The hat was of particular interest to me. Hat items, unlike weapons, affect nothing but your appearance, but I wanted a hat simply because I didn’t have any yet. Well, it turns out the the hat, called the “Cheater’s Lament”, gives the player wearing it a glowing halo.
Now, the announcement states that “only about 4.5% of the players in TF2’s community” had cheated. I’d expect that the proportion among active players would be somewhat greater, because the casual or occasional players aren’t the ones likely to grow frustrated with not having every item available. On the other hand, there are apparently servers that cater to idlers without using an external app, and surely the hard-core players would know about those, so who knows? All I can really say is that when I played on a public server last night, only a minority of the players were haloed. (That minority included myself. It’s my only hat, so I wanted to wear it.)
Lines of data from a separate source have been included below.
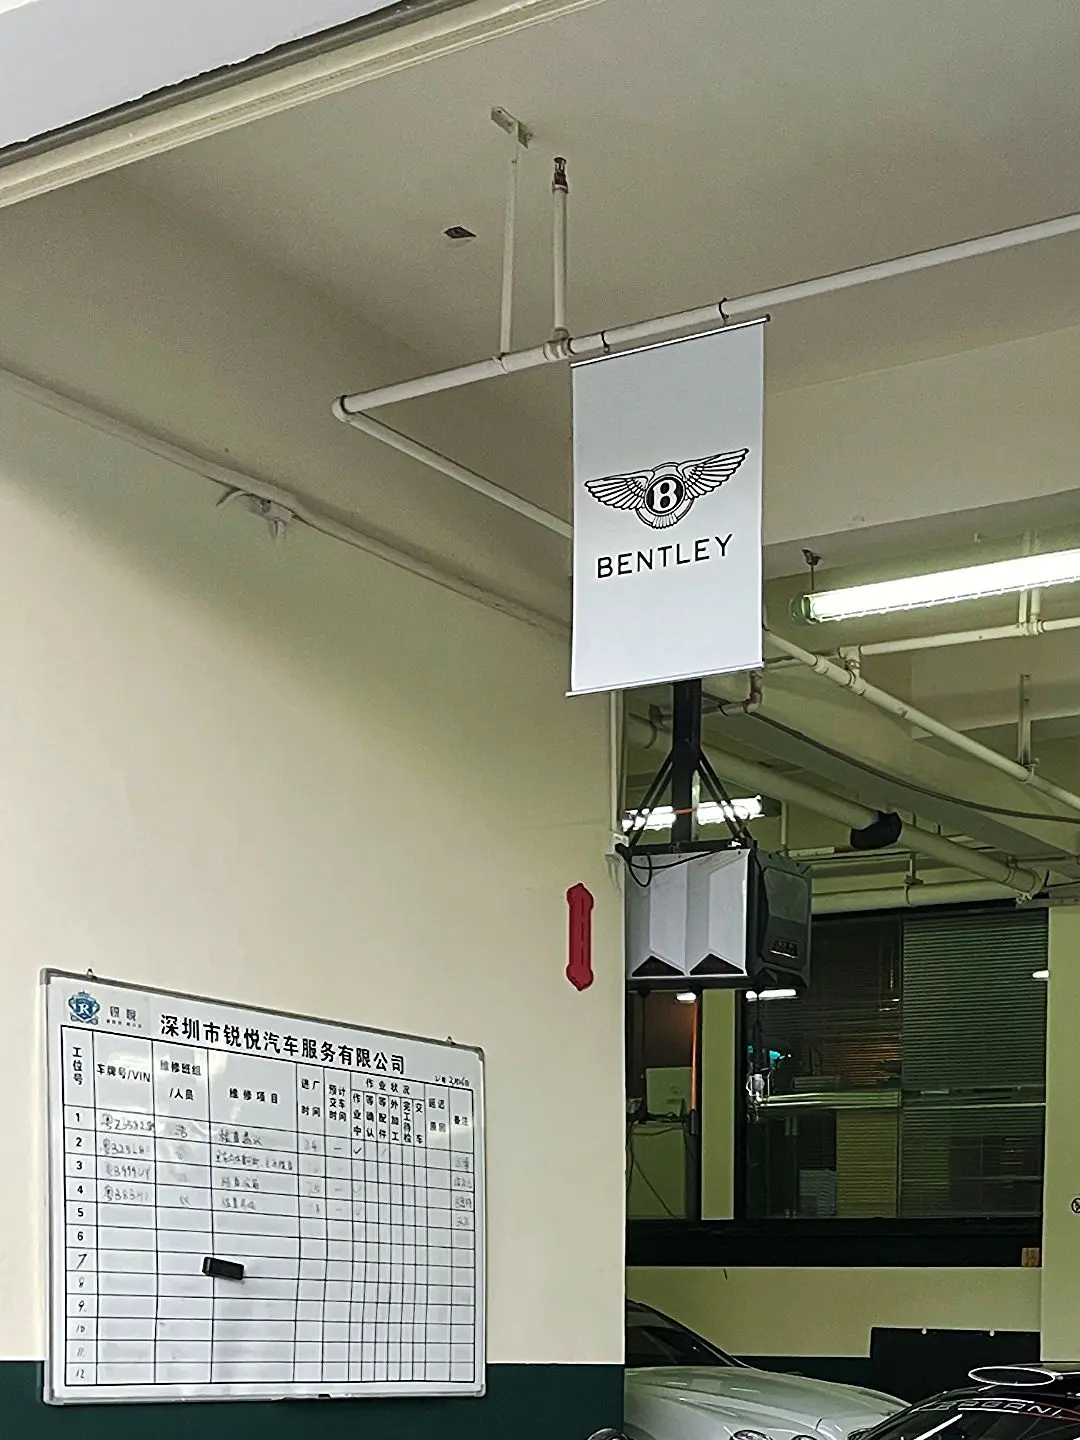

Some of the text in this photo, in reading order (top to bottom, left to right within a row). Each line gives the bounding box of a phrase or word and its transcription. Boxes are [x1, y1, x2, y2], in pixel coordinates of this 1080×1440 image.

[597, 533, 732, 578] BENTLEY
[160, 1014, 404, 1074] 深圳市锐悦汽车服务有限公司
[73, 1047, 83, 1085] 工位号
[229, 1088, 278, 1104] 维修项目
[75, 1112, 81, 1122] 1
[75, 1137, 83, 1147] 2
[76, 1160, 83, 1170] 3
[76, 1185, 84, 1194] 4
[77, 1207, 84, 1217] 5
[77, 1231, 84, 1241] 6
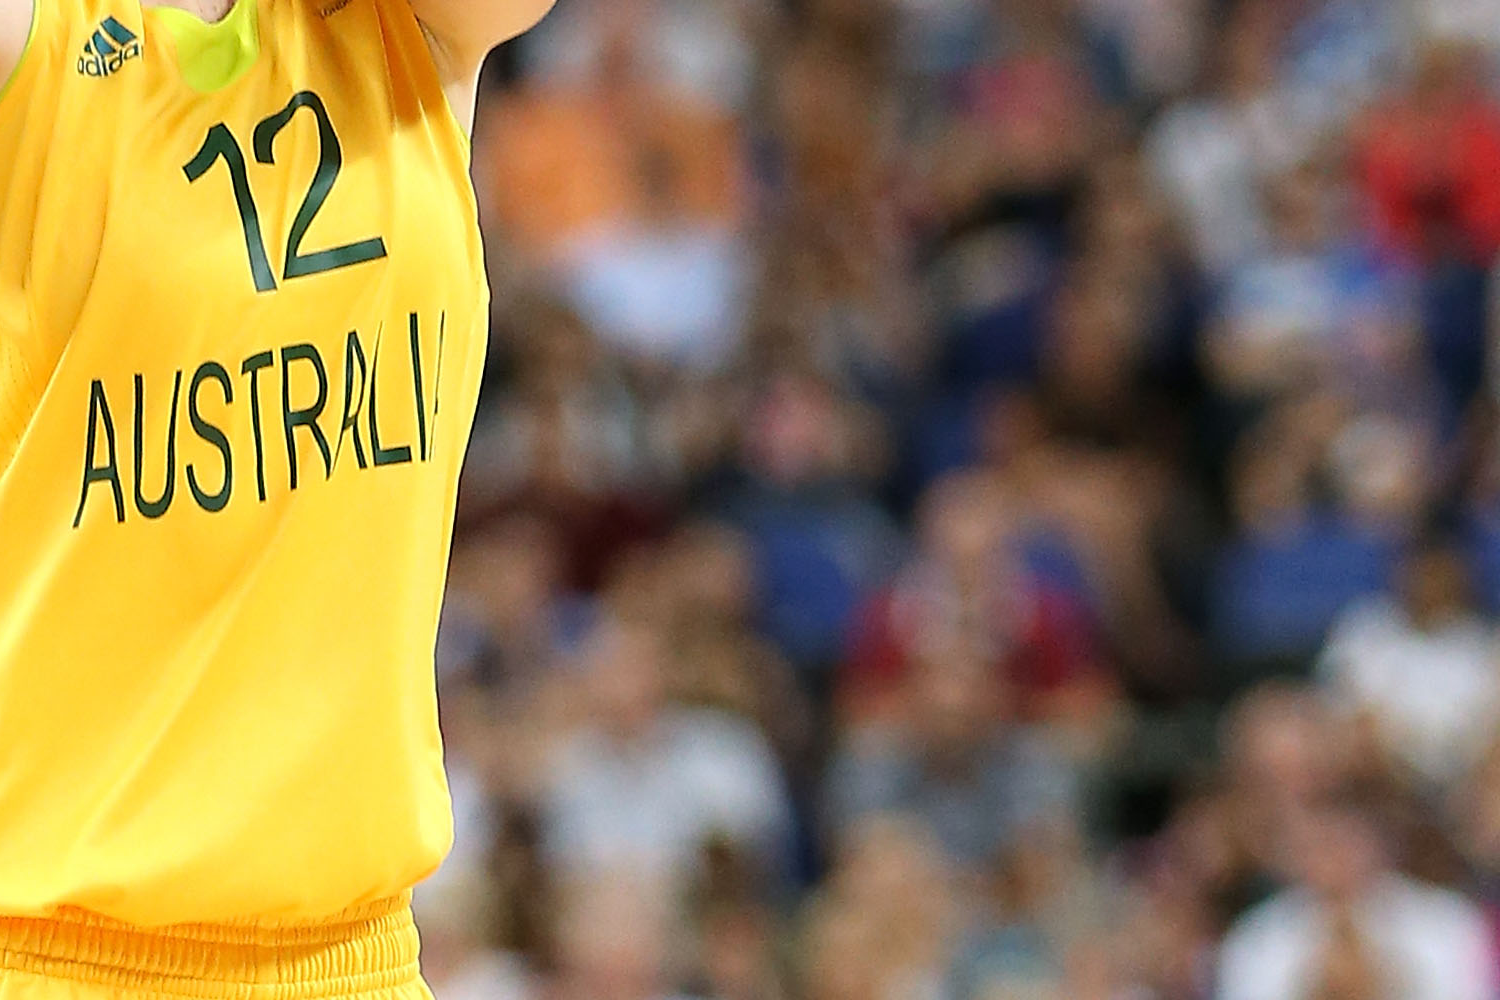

Furthermore, there was a considerable amount of anti-halo sentiment in the chatter. The word “faggy” was used. “Aim for the people with halos!” was a much-heard battlecry. Perhaps there were people in the match who were encouraging this attitude to cover for their own shameful lack of halo, but it seems unlikely that this was the cause for everyone. More likely, the idea simply backfired. No one likes a goody two-shoes, and the halo smacked too much of parading your moral superiority — and without much justification, if it’s only superiority to 1 in 20 players.
The halos seemed to be gone the next day, during the lunchtime session at the office. That is, people still had the Cheater’s Lament equipped, but it produced no visible effect. Maybe the server was out-of-date. There are rumors of technical problems, that the halo’s glow was still visible on an invisible Spy. But maybe, just maybe, the devs decided that wasn’t working out the way they intended. Again, who knows.